Perfection is an unattainable ideal that steals the joy from our lives, our craft, and our work. (Yes, crafting and making are real work!) And yet, quilters seem to think we have to be perfect.
In online forums, I’ve seen lovely quilts that the maker said had a “mistake” and spent a good 5 minutes looking for where the darned thing was. Never did find it. Very frustrating. I never liked Where’s Waldo either, to be fair.
In my journey to really understand what perfectionism is doing to our craft, it’s been helpful to remember that perfection is not the same as beauty. If, as makers, we can shift our focus from perfection, which is completely unattainable, and instead focus on beauty, what creative exploration might open for us? How might we begin to see our craft as art rather than a carefully crafted pattern, or worse, a simple expression of ego?
I have an anxiety disorder, so by definition perfectionism plagues me. I’m working with a wonderful therapist who once told me, “You don’t get stunning sunsets or sunrises without some clouds.”
Since then, I pay close attention to sunrises and sunsets when I get the chance and he’s right. The truly gorgeous ones have clouds. The clouds make the beauty.
If we apply this metaphor to ourselves, our own mistakes are what make us learn, grow, and nudge toward something new. The struggle is what makes us; it creates our brand of unique. The struggle makes us accessible people.
If we apply this metaphor to our quilts, rather than focusing on our mistakes, we focus on the love, attention, fun, and anticipation that went into making our quilt. Our quilt becomes a gift of joy that we look at with affection rather than dread or embarrassment.
This shift isn’t easy. I quilt for others, so I see EVERY mistake, but I’m working on it. It’s a practice just like meditation or yoga. So what does this practice look like?
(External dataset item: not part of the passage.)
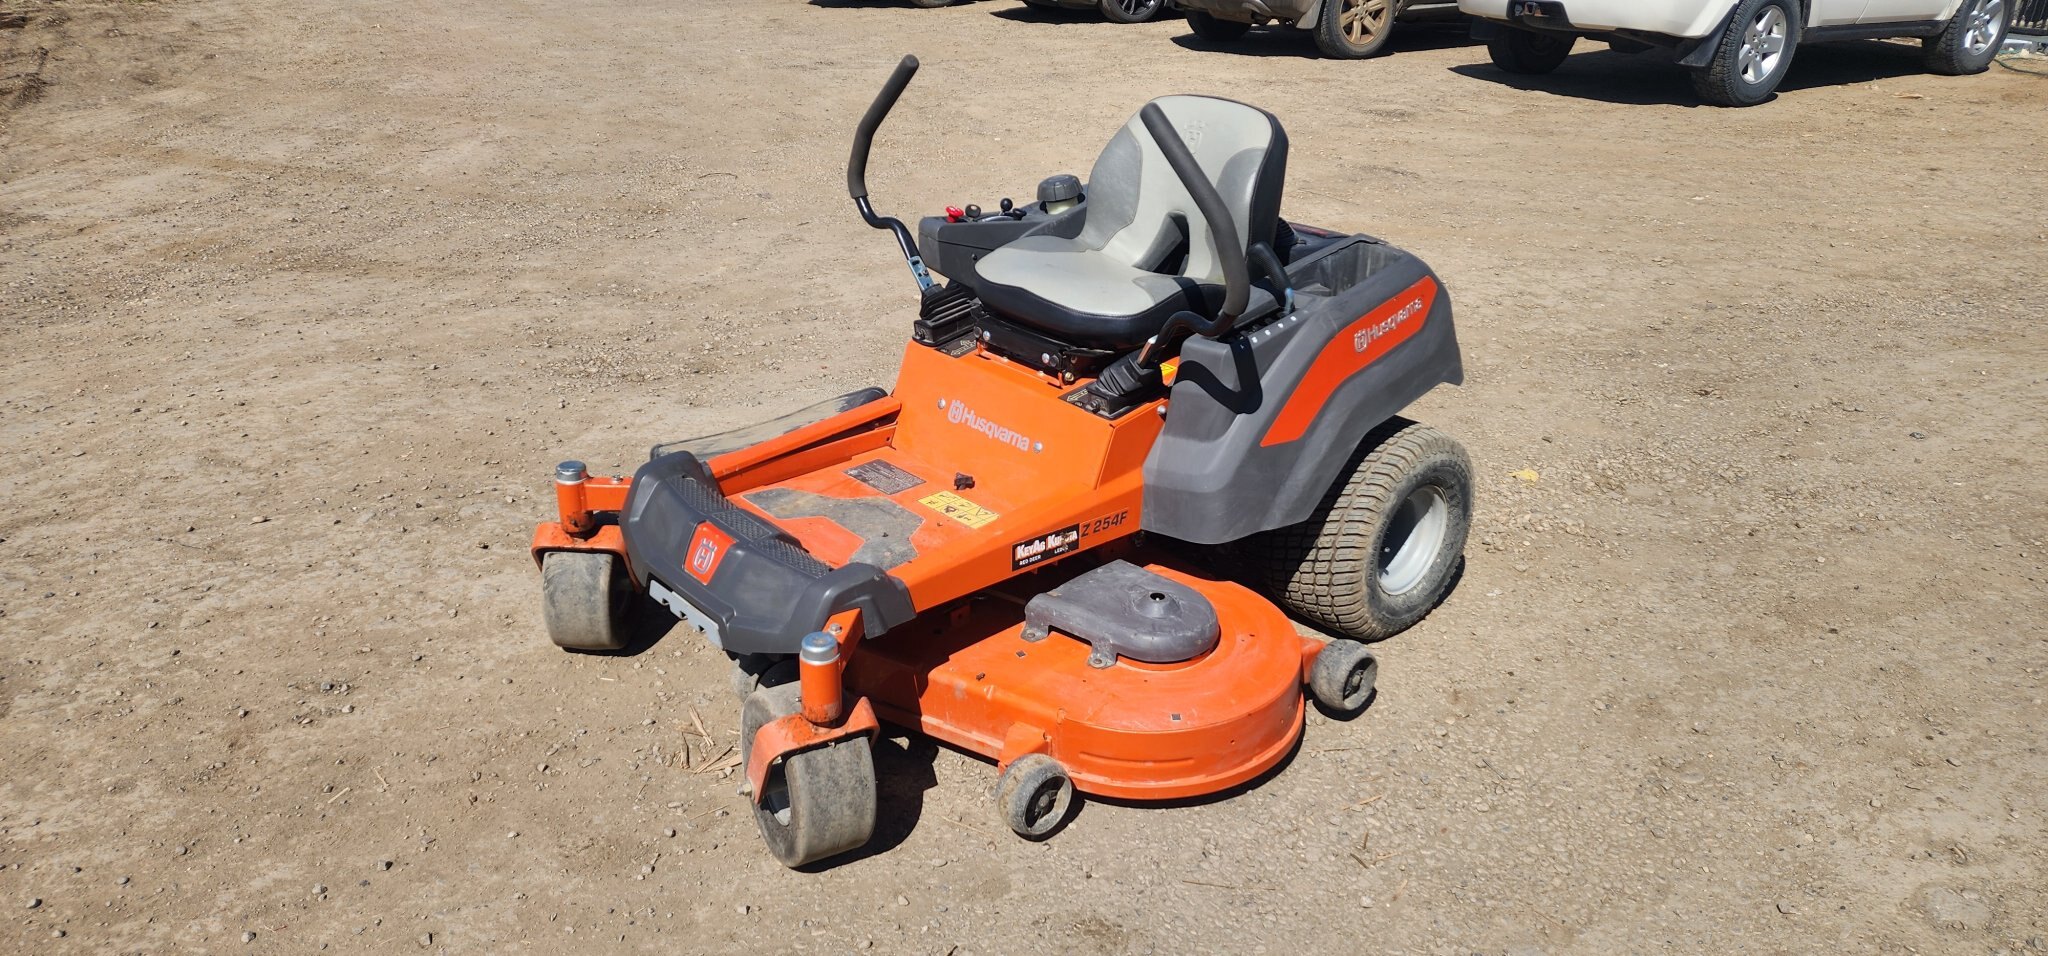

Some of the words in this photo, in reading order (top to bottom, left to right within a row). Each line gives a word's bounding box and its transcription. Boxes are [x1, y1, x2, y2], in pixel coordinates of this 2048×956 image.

[1367, 297, 1423, 343] Husqvarna
[961, 406, 1030, 452] Husqvarna
[1081, 523, 1092, 538] Z
[1093, 510, 1128, 534] 254F
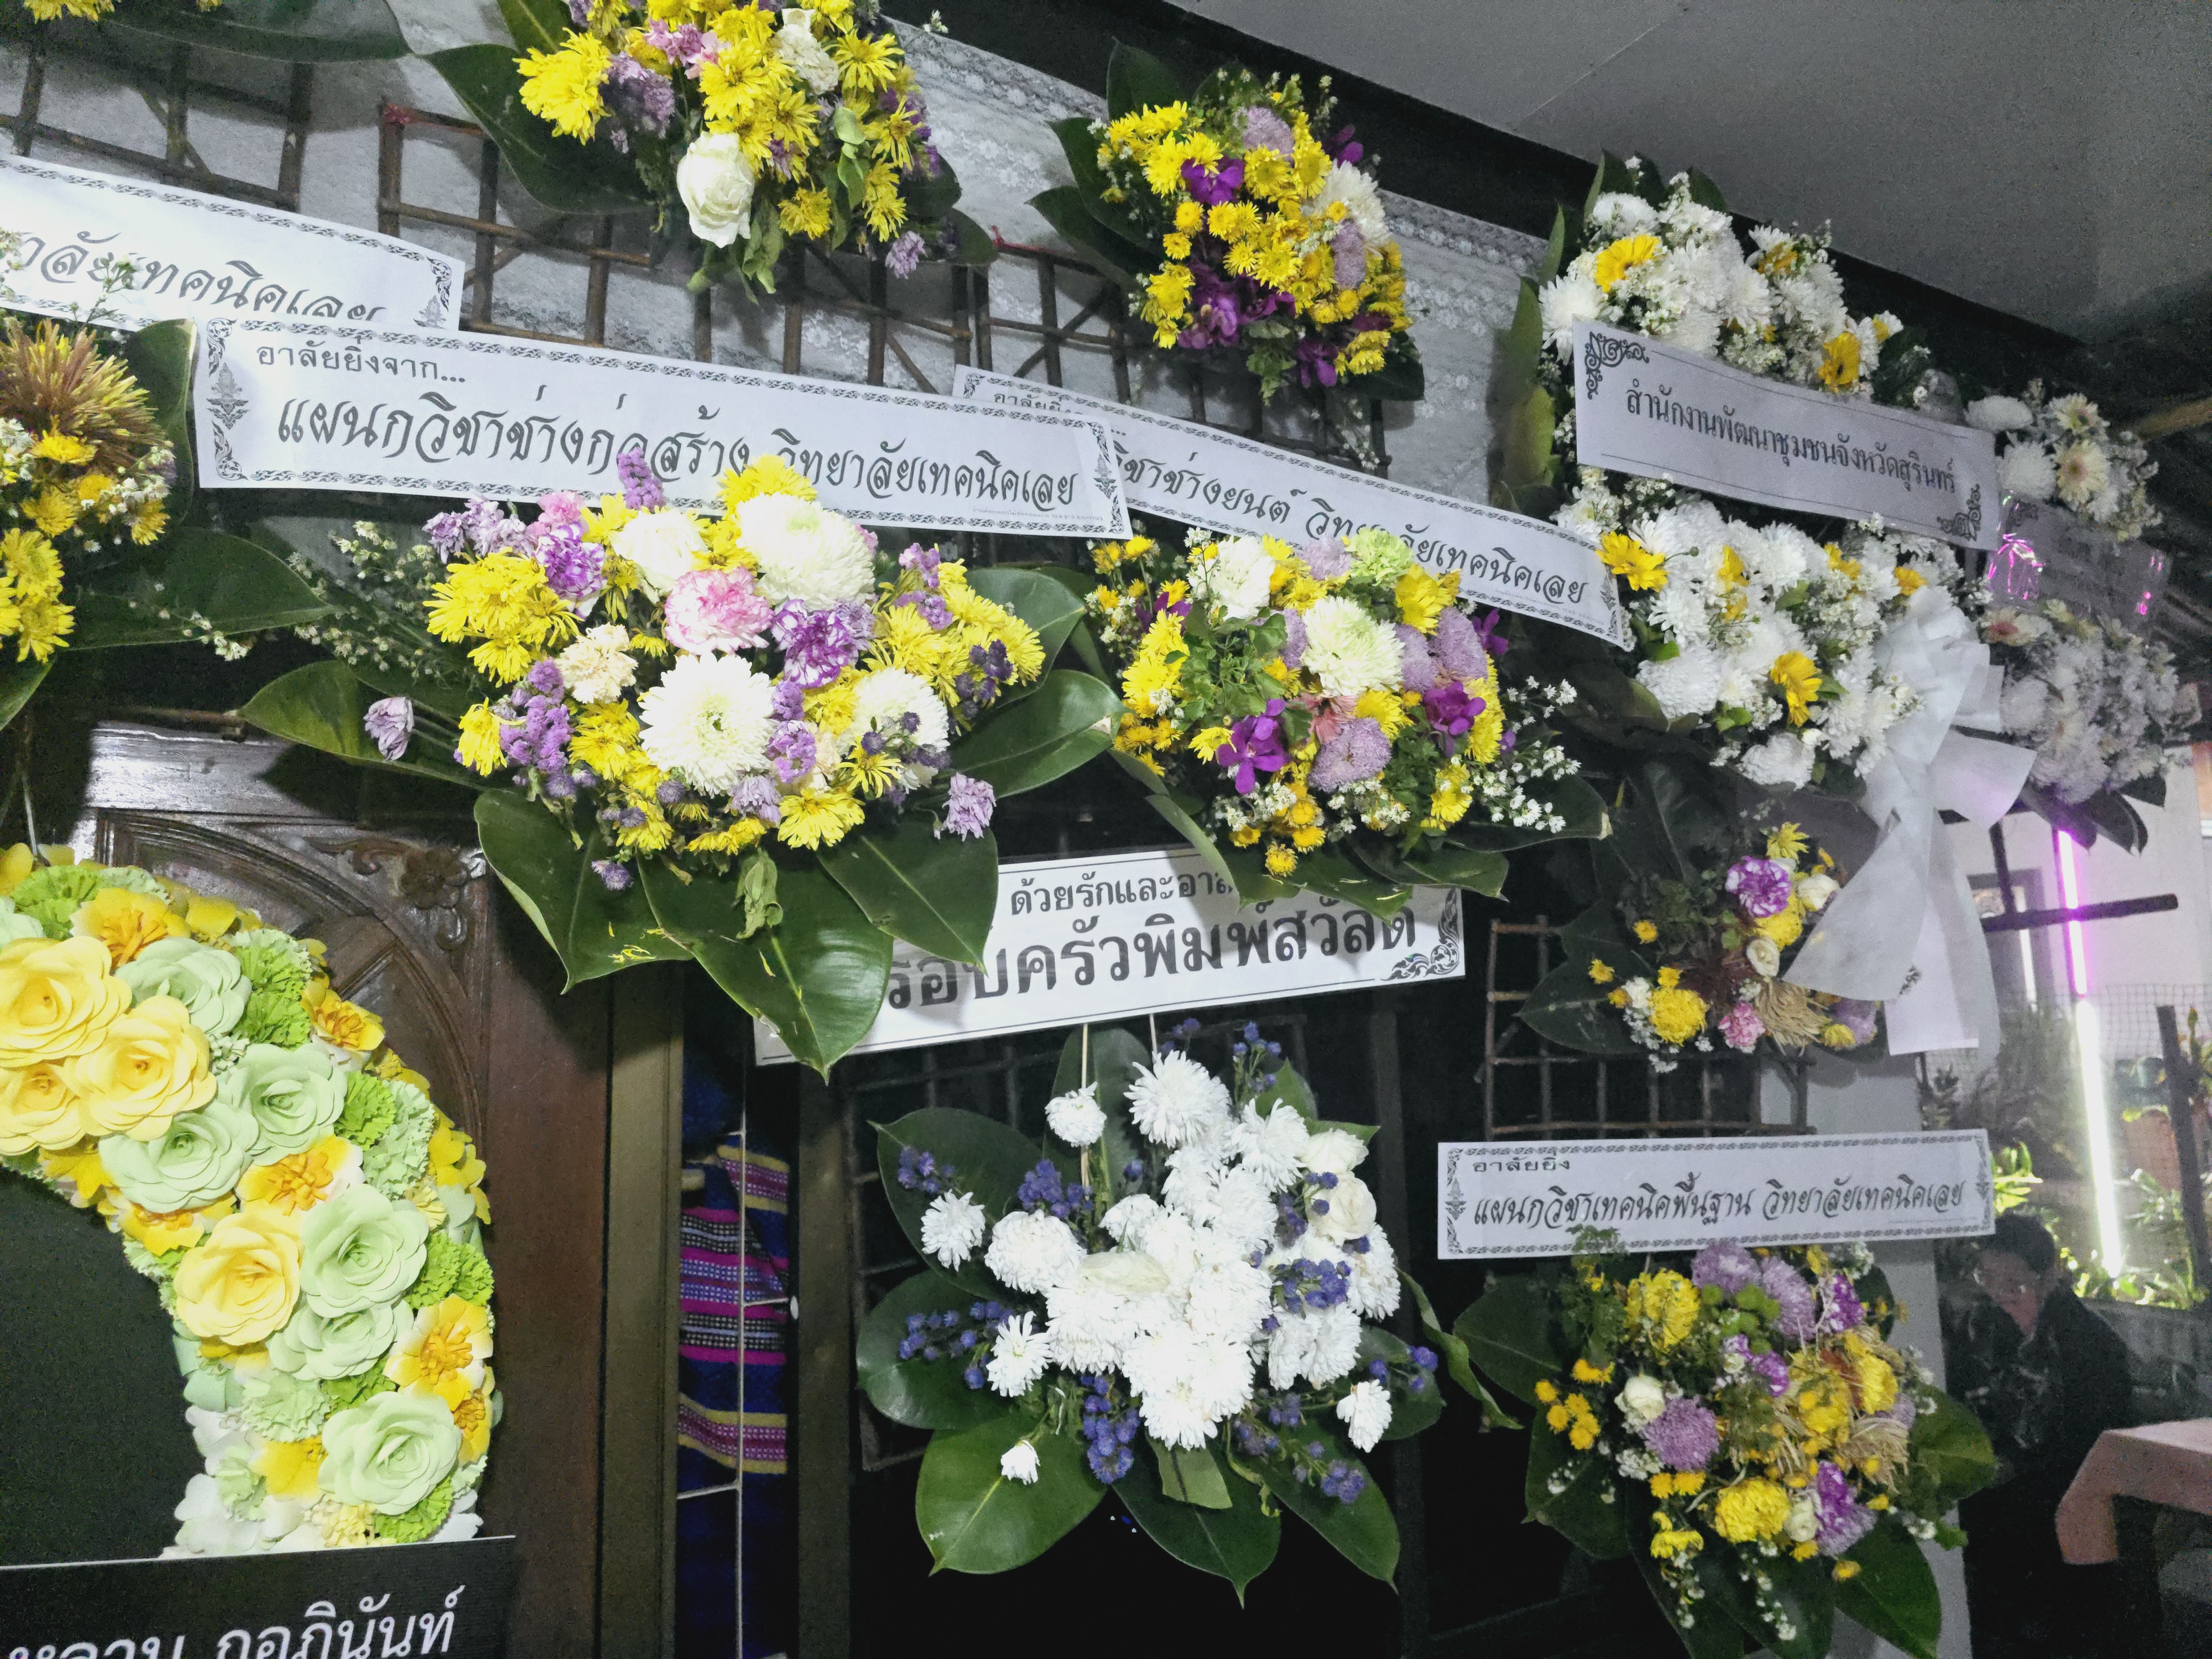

- Intrusive judgmental thought occurs.
- Ask myself: is this thought useful?
Usually, just the act of asking myself if the thought is useful is enough to dissipate the negative, useless thoughts. If the thought doesn’t go away, then I know the thought is a red flag, a gut instinct, something that needs correcting. Then I correct it.
Again this isn’t magic, I have none of that. But it is a practice to alleviate the judge in our minds. You know the one: it may be your father’s voice, your mother’s, a particularly critical aunt, teacher, or an old “friend”. But the voice is there on audio loop, blocking you from truly seeing your quilt, eroding your confidence, telling you that you are an imposter.
The important thing to remember is that mistakes happen and to give yourself grace. Perfection is not the same a beauty (looking at you, weirdly shaped Barbie dolls emblematic of unattainable “beauty”). And that voice in your head looping around telling you a story about yourself? That voice lies.